::: Supplied data :::

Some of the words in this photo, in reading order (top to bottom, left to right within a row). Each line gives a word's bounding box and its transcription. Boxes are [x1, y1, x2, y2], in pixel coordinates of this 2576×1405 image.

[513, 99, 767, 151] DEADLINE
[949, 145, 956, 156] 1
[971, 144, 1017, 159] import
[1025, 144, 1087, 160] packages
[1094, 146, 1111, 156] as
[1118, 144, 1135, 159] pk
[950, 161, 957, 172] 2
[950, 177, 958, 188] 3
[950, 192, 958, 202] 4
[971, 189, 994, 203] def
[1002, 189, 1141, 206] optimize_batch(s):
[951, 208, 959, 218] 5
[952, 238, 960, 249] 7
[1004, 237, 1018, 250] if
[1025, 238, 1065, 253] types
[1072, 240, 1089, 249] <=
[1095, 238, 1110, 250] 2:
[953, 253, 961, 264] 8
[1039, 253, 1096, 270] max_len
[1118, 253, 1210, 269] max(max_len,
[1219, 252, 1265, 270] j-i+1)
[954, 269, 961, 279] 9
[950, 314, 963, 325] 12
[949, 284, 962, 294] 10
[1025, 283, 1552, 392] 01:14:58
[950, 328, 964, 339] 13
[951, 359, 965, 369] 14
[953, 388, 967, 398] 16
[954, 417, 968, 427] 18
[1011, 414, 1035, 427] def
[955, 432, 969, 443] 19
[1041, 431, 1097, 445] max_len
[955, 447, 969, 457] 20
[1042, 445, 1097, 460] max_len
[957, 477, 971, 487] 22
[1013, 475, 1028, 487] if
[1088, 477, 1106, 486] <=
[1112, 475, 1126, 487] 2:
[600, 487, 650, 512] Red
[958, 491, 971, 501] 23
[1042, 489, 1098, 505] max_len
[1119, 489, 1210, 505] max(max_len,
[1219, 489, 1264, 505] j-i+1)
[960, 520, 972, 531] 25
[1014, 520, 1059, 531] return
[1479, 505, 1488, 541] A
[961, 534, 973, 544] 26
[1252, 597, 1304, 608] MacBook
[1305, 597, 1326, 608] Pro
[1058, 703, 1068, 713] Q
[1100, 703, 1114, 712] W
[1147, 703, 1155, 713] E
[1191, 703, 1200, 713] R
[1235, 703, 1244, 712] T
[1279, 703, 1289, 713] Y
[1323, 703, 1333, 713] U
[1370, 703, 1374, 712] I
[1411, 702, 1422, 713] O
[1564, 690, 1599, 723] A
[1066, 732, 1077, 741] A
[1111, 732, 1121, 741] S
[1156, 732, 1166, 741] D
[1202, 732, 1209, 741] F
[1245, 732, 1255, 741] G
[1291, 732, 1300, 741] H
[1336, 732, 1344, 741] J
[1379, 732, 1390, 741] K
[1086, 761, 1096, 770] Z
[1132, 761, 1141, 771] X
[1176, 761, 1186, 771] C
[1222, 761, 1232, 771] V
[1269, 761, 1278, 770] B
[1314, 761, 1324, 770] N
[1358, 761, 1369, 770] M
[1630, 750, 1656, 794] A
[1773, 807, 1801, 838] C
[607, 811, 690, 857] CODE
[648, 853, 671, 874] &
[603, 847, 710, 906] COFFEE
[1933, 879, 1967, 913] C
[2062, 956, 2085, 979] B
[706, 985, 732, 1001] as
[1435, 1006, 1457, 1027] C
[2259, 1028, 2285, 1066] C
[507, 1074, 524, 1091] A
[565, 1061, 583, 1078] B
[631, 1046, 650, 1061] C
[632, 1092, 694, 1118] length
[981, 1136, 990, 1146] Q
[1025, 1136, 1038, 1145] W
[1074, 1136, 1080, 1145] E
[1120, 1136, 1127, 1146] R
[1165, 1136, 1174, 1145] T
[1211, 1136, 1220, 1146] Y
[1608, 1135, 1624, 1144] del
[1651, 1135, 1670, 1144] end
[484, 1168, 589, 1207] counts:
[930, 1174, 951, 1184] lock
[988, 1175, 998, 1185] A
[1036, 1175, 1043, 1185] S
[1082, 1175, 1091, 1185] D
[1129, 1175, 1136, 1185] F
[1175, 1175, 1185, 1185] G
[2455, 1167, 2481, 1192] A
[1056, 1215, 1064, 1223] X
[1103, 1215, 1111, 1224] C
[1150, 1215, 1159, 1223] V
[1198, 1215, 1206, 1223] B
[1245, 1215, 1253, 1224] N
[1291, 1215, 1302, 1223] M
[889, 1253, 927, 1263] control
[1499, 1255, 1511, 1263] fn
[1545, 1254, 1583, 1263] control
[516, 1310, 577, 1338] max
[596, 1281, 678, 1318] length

:::

» **Task requirements**:
Find every line above where the word "length" occurs, and copy that line.

» **Exercise response**:
[632, 1092, 694, 1118] length
[596, 1281, 678, 1318] length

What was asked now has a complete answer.